#### [WHAT THE EXERCISE ASKS]
Retype the entries exactly; omit all pictures.

(INPUT DATA Opens)

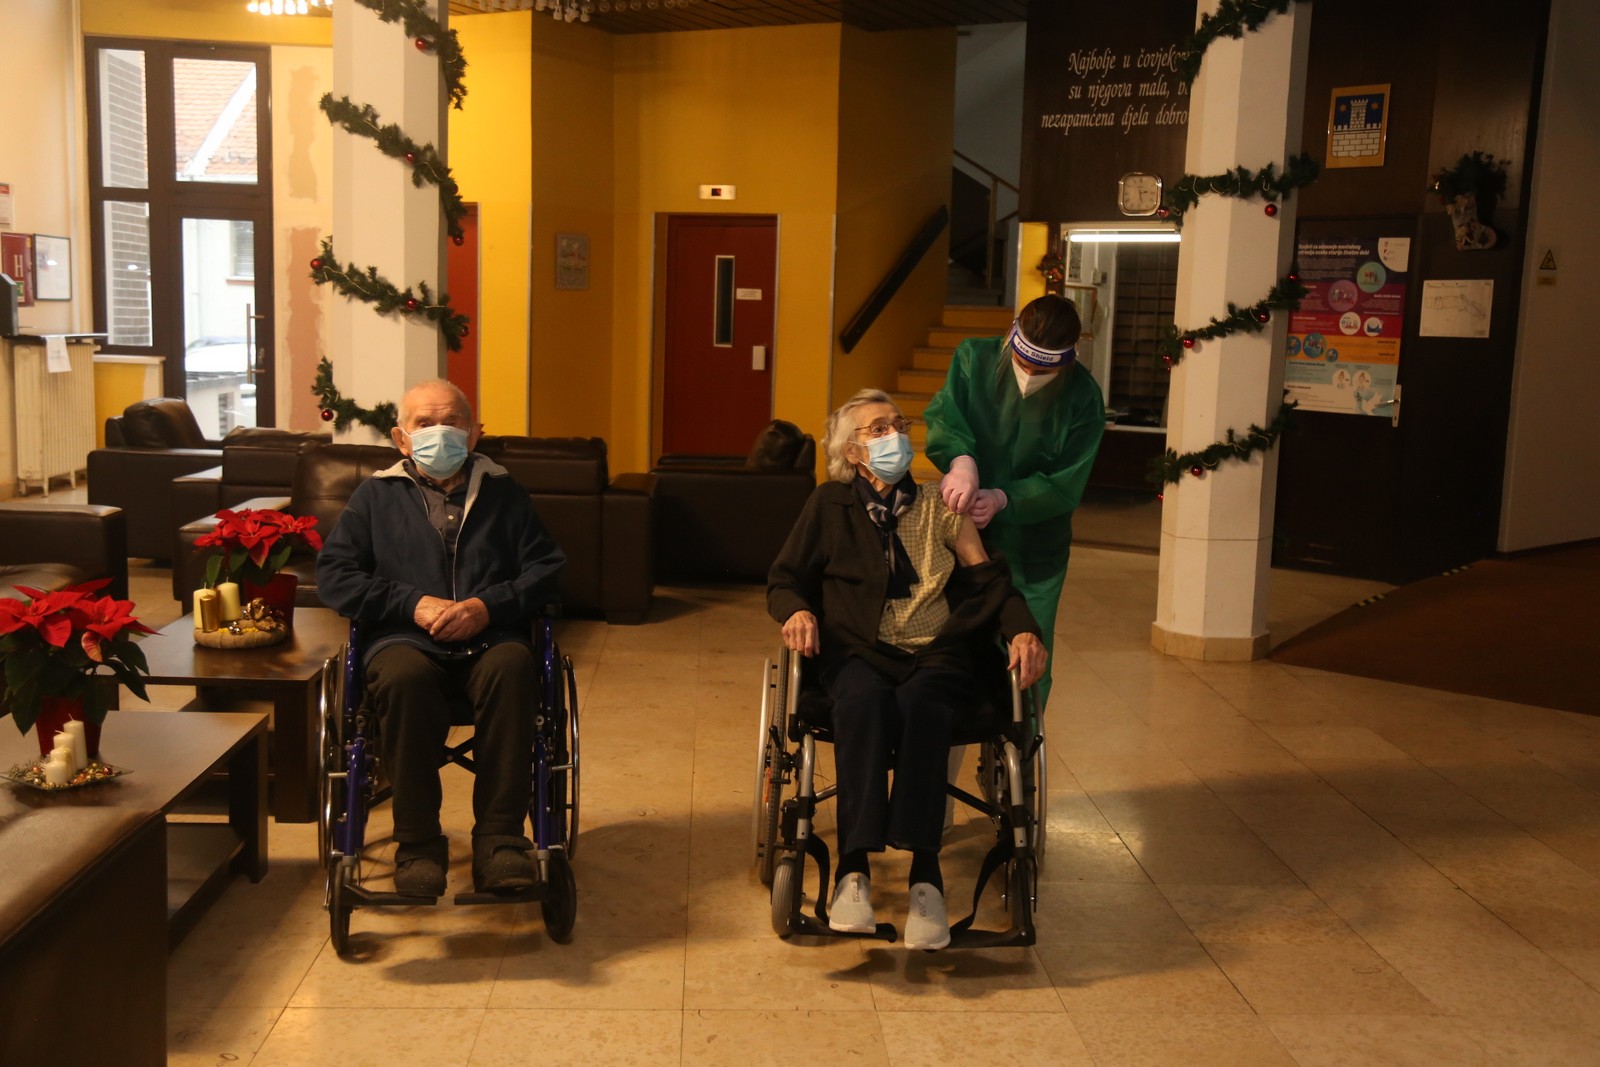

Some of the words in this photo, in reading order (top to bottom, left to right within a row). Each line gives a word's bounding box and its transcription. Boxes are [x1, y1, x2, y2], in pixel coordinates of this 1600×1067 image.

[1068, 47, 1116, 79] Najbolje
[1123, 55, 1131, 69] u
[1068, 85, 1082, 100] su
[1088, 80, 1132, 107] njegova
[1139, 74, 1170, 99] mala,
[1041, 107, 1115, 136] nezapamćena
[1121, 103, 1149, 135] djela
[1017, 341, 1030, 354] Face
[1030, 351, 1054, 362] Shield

(INPUT DATA Closes)

#### [SOLUTION]
Some of the words in this photo, in reading order (top to bottom, left to right within a row). Each line gives a word's bounding box and its transcription. Boxes are [x1, y1, x2, y2], in pixel coordinates of this 1600×1067 image.

[1068, 47, 1116, 79] Najbolje
[1123, 55, 1131, 69] u
[1068, 85, 1082, 100] su
[1088, 80, 1132, 107] njegova
[1139, 74, 1170, 99] mala,
[1041, 107, 1115, 136] nezapamćena
[1121, 103, 1149, 135] djela
[1017, 341, 1030, 354] Face
[1030, 351, 1054, 362] Shield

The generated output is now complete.